====== Provided information
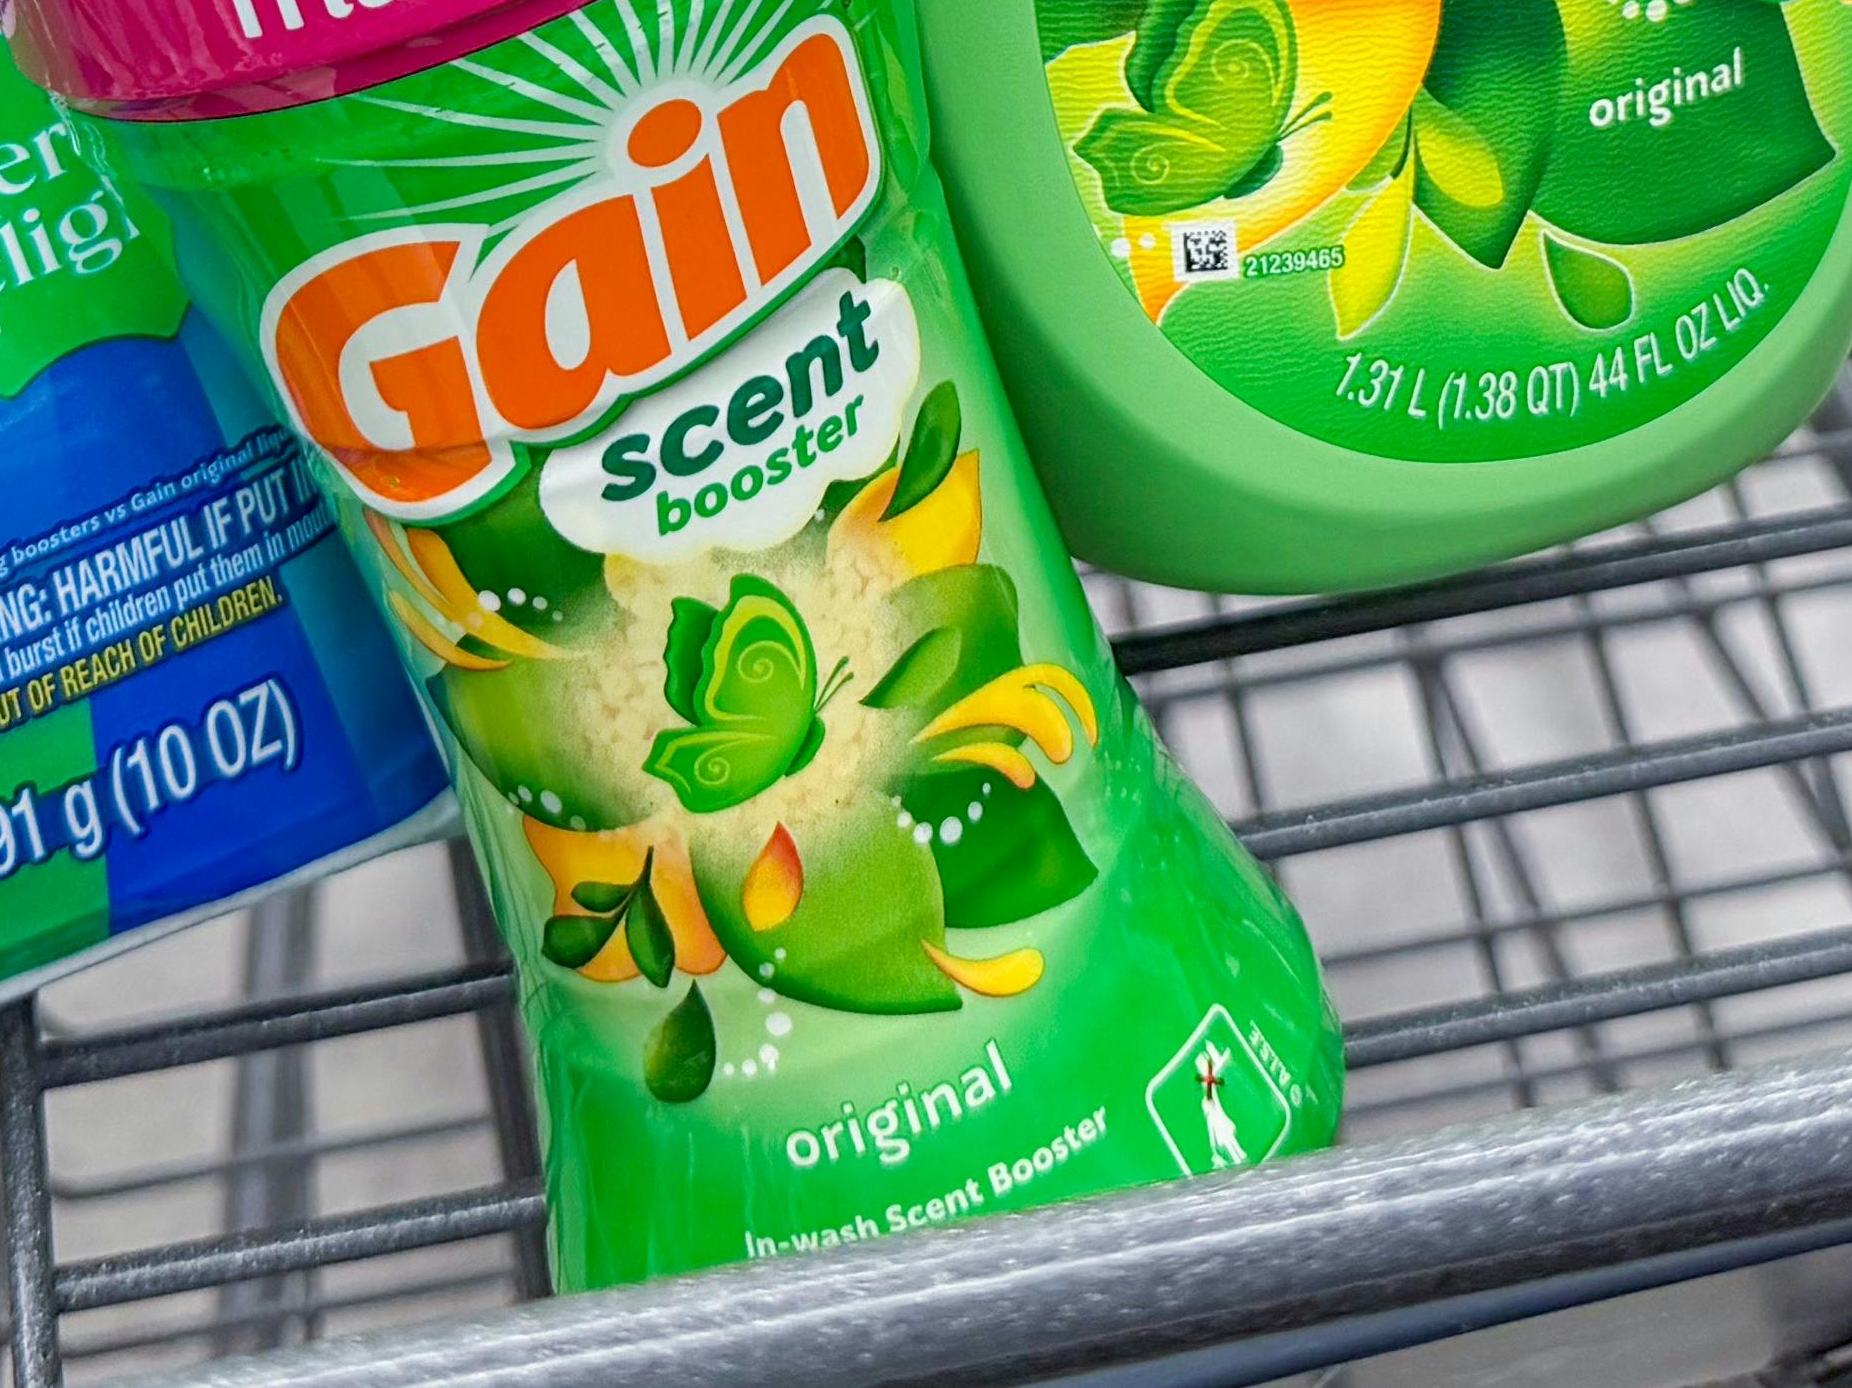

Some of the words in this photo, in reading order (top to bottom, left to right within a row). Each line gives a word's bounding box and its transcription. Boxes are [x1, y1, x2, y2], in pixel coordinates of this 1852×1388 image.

[1589, 47, 1745, 126] original
[271, 31, 873, 504] Gain
[1245, 244, 1345, 278] 21239465
[601, 290, 880, 502] scent
[1335, 352, 1404, 411] 1.31
[1407, 368, 1428, 419] L
[1437, 370, 1517, 430] (1.38
[1526, 361, 1580, 418] QT)
[1589, 353, 1629, 398] 44
[1634, 331, 1674, 384] FL
[1675, 301, 1718, 361] OZ
[1714, 267, 1770, 333] LIQ.
[11, 515, 101, 568] boosters
[104, 503, 128, 524] vs
[130, 482, 177, 513] Gain
[180, 441, 254, 485] original
[656, 394, 864, 537] booster
[4, 626, 66, 679] burst
[64, 615, 84, 652] if
[85, 585, 171, 643] children
[173, 568, 211, 609] put
[210, 544, 263, 586] them
[264, 530, 285, 564] in
[53, 516, 204, 616] HARMFUL
[203, 496, 232, 551] IF
[235, 469, 290, 535] PUT
[26, 673, 56, 713] OF
[60, 637, 136, 700] REACH
[138, 624, 167, 664] OF
[170, 575, 284, 650] CHILDREN.
[63, 779, 104, 859] g
[111, 724, 198, 835] (10
[206, 678, 297, 772] OZ)
[785, 1039, 1013, 1169] original
[744, 1214, 880, 1259] In-wash
[884, 1177, 985, 1233] Scent
[989, 1105, 1110, 1197] Booster
============
Reproduce the listing above exactly, excluding all pictures.

Some of the words in this photo, in reading order (top to bottom, left to right within a row). Each line gives a word's bounding box and its transcription. Boxes are [x1, y1, x2, y2], in pixel coordinates of this 1852×1388 image.

[1589, 47, 1745, 126] original
[271, 31, 873, 504] Gain
[1245, 244, 1345, 278] 21239465
[601, 290, 880, 502] scent
[1335, 352, 1404, 411] 1.31
[1407, 368, 1428, 419] L
[1437, 370, 1517, 430] (1.38
[1526, 361, 1580, 418] QT)
[1589, 353, 1629, 398] 44
[1634, 331, 1674, 384] FL
[1675, 301, 1718, 361] OZ
[1714, 267, 1770, 333] LIQ.
[11, 515, 101, 568] boosters
[104, 503, 128, 524] vs
[130, 482, 177, 513] Gain
[180, 441, 254, 485] original
[656, 394, 864, 537] booster
[4, 626, 66, 679] burst
[64, 615, 84, 652] if
[85, 585, 171, 643] children
[173, 568, 211, 609] put
[210, 544, 263, 586] them
[264, 530, 285, 564] in
[53, 516, 204, 616] HARMFUL
[203, 496, 232, 551] IF
[235, 469, 290, 535] PUT
[26, 673, 56, 713] OF
[60, 637, 136, 700] REACH
[138, 624, 167, 664] OF
[170, 575, 284, 650] CHILDREN.
[63, 779, 104, 859] g
[111, 724, 198, 835] (10
[206, 678, 297, 772] OZ)
[785, 1039, 1013, 1169] original
[744, 1214, 880, 1259] In-wash
[884, 1177, 985, 1233] Scent
[989, 1105, 1110, 1197] Booster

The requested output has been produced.